You’ll also find photographs of Civil Rights figures and marches. Some of the paintings housed in the center include portraits of contemporary African-Americans, including Prince, Michelle Obama, and Francis Oliver.

Outdoor Sites

Outside the museum, we visited the Goldsboro Heritage & Art Garden. The community grows organic produce and offers it free to residents. The historical society also receives some income from the sale of the produce to local restaurants, like the one we lunched in, the Tennessee Truffle in Sanford.

The Goldsboro Arts Square is another green space, filled with folk art by local artists such as Jeff Sonksen and members of The Crealdé School of Art. Among the unusual art, is a stone tribute to B. B. King and large fence paintings of Booker T. Washington and Martin Luther King.

View of Goldsboro art square.
Goldsboro Art Square. Photo: Kathleen Walls

The African American Cemetery

Page Jackson Cemetery, another historical site, is named for Page Jackson, a local white landowner who donated land to the African American community around 1830, so members of the black community could be respectfully buried. It is the final resting place for early former slaves, residents before and after Goldsboro‘s incorporation and veterans of the Civil War, World War I and World War II. The cemetery is overgrown but is slowly being reclaimed by volunteer workers.

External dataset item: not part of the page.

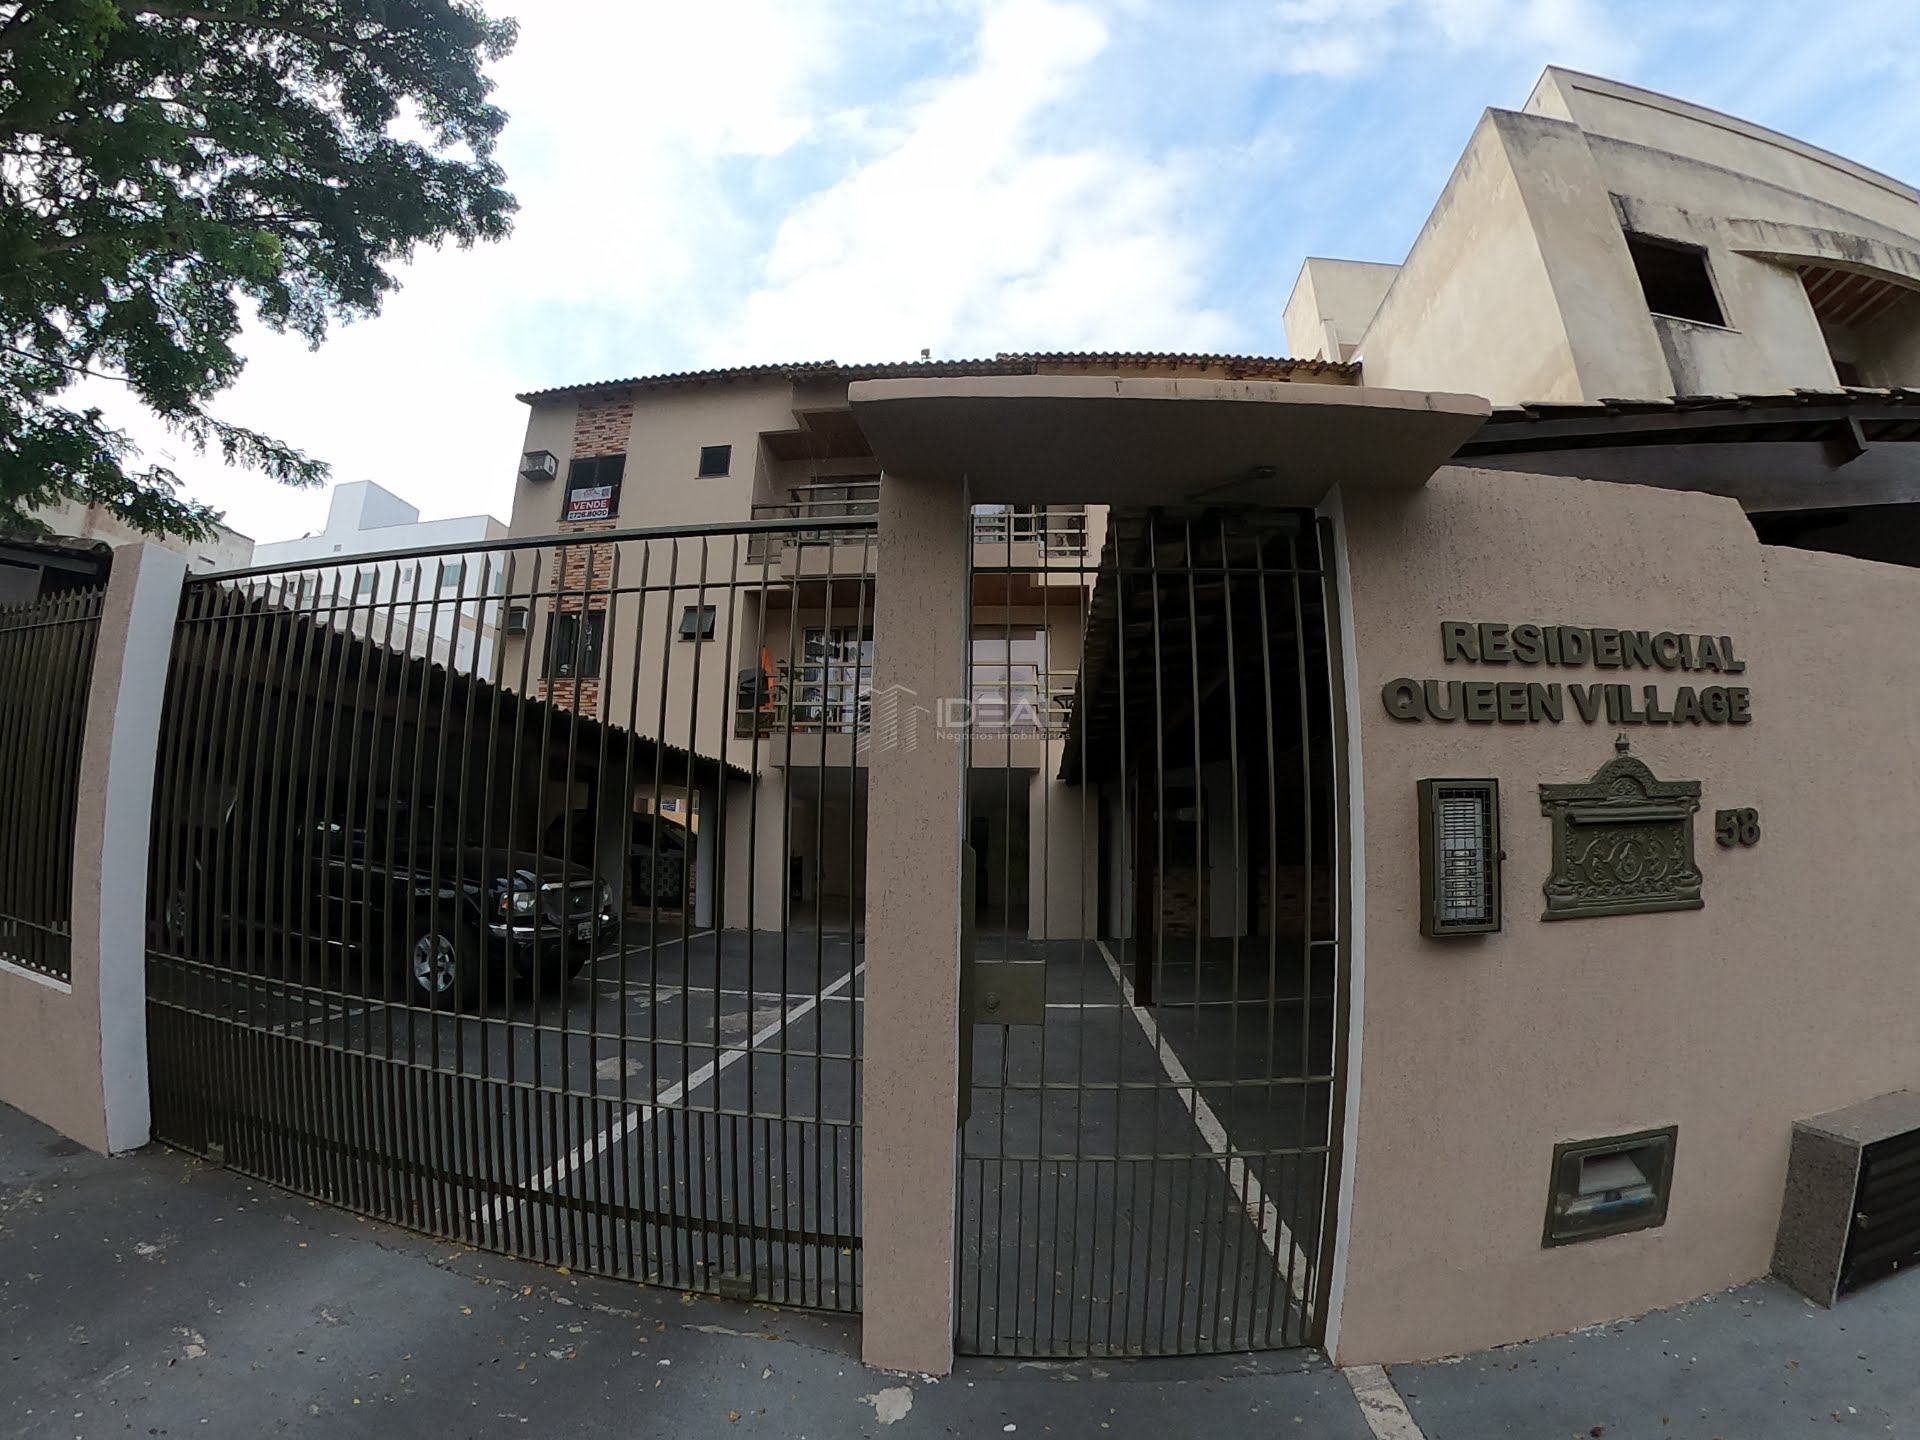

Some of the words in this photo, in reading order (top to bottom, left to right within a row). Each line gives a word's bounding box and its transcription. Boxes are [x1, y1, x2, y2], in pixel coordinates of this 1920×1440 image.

Drew Bundini Brown is among those buried there. Brown’s name might not be immediately recognizable, but his words are. “Float like a butterfly, sting like a bee,” was his brainchild. Brown was the corner man for Muhammad Ali and wrote many of the taunts Ali threw out at his opponents. Zora Neal Hurston’s family plot is there although she is buried in Fort Pierce.

These historic sites tell Goldsboro’s story and allow its history to live on though the city is officially gone.